Without leaving anything out, print every line of the data.

[Text-to-region grounding data]

Content starts

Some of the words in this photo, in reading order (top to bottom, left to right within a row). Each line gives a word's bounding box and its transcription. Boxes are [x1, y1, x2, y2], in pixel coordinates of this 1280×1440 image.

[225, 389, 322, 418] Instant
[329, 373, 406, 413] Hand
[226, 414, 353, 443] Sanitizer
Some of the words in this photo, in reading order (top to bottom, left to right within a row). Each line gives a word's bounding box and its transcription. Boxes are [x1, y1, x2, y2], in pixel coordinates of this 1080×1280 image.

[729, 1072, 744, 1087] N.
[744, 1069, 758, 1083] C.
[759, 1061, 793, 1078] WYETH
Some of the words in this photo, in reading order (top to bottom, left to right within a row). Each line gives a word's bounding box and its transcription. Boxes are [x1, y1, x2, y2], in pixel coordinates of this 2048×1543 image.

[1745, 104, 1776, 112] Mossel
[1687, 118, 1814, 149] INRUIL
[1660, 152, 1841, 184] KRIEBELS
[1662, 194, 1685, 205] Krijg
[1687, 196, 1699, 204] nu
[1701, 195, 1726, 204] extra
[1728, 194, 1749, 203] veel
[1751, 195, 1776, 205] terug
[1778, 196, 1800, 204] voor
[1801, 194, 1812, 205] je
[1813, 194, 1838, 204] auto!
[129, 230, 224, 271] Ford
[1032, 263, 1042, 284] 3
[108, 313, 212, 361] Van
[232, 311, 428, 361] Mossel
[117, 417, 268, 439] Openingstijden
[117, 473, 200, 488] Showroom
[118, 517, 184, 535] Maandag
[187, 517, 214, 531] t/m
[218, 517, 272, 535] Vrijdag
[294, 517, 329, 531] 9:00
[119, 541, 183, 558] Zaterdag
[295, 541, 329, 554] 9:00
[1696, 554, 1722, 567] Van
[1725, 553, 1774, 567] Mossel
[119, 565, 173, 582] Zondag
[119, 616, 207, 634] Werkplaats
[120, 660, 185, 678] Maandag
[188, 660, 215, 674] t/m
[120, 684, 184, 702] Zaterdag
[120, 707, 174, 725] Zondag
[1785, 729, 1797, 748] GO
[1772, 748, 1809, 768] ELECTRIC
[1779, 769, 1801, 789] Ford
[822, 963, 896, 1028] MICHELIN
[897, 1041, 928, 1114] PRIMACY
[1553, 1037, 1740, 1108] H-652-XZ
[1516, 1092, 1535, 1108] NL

Content ends

● Task answer:
Some of the words in this photo, in reading order (top to bottom, left to right within a row). Each line gives a word's bounding box and its transcription. Boxes are [x1, y1, x2, y2], in pixel coordinates of this 1280×1440 image.

[225, 389, 322, 418] Instant
[329, 373, 406, 413] Hand
[226, 414, 353, 443] Sanitizer
Some of the words in this photo, in reading order (top to bottom, left to right within a row). Each line gives a word's bounding box and its transcription. Boxes are [x1, y1, x2, y2], in pixel coordinates of this 1080×1280 image.

[729, 1072, 744, 1087] N.
[744, 1069, 758, 1083] C.
[759, 1061, 793, 1078] WYETH
Some of the words in this photo, in reading order (top to bottom, left to right within a row). Each line gives a word's bounding box and its transcription. Boxes are [x1, y1, x2, y2], in pixel coordinates of this 2048×1543 image.

[1745, 104, 1776, 112] Mossel
[1687, 118, 1814, 149] INRUIL
[1660, 152, 1841, 184] KRIEBELS
[1662, 194, 1685, 205] Krijg
[1687, 196, 1699, 204] nu
[1701, 195, 1726, 204] extra
[1728, 194, 1749, 203] veel
[1751, 195, 1776, 205] terug
[1778, 196, 1800, 204] voor
[1801, 194, 1812, 205] je
[1813, 194, 1838, 204] auto!
[129, 230, 224, 271] Ford
[1032, 263, 1042, 284] 3
[108, 313, 212, 361] Van
[232, 311, 428, 361] Mossel
[117, 417, 268, 439] Openingstijden
[117, 473, 200, 488] Showroom
[118, 517, 184, 535] Maandag
[187, 517, 214, 531] t/m
[218, 517, 272, 535] Vrijdag
[294, 517, 329, 531] 9:00
[119, 541, 183, 558] Zaterdag
[295, 541, 329, 554] 9:00
[1696, 554, 1722, 567] Van
[1725, 553, 1774, 567] Mossel
[119, 565, 173, 582] Zondag
[119, 616, 207, 634] Werkplaats
[120, 660, 185, 678] Maandag
[188, 660, 215, 674] t/m
[120, 684, 184, 702] Zaterdag
[120, 707, 174, 725] Zondag
[1785, 729, 1797, 748] GO
[1772, 748, 1809, 768] ELECTRIC
[1779, 769, 1801, 789] Ford
[822, 963, 896, 1028] MICHELIN
[897, 1041, 928, 1114] PRIMACY
[1553, 1037, 1740, 1108] H-652-XZ
[1516, 1092, 1535, 1108] NL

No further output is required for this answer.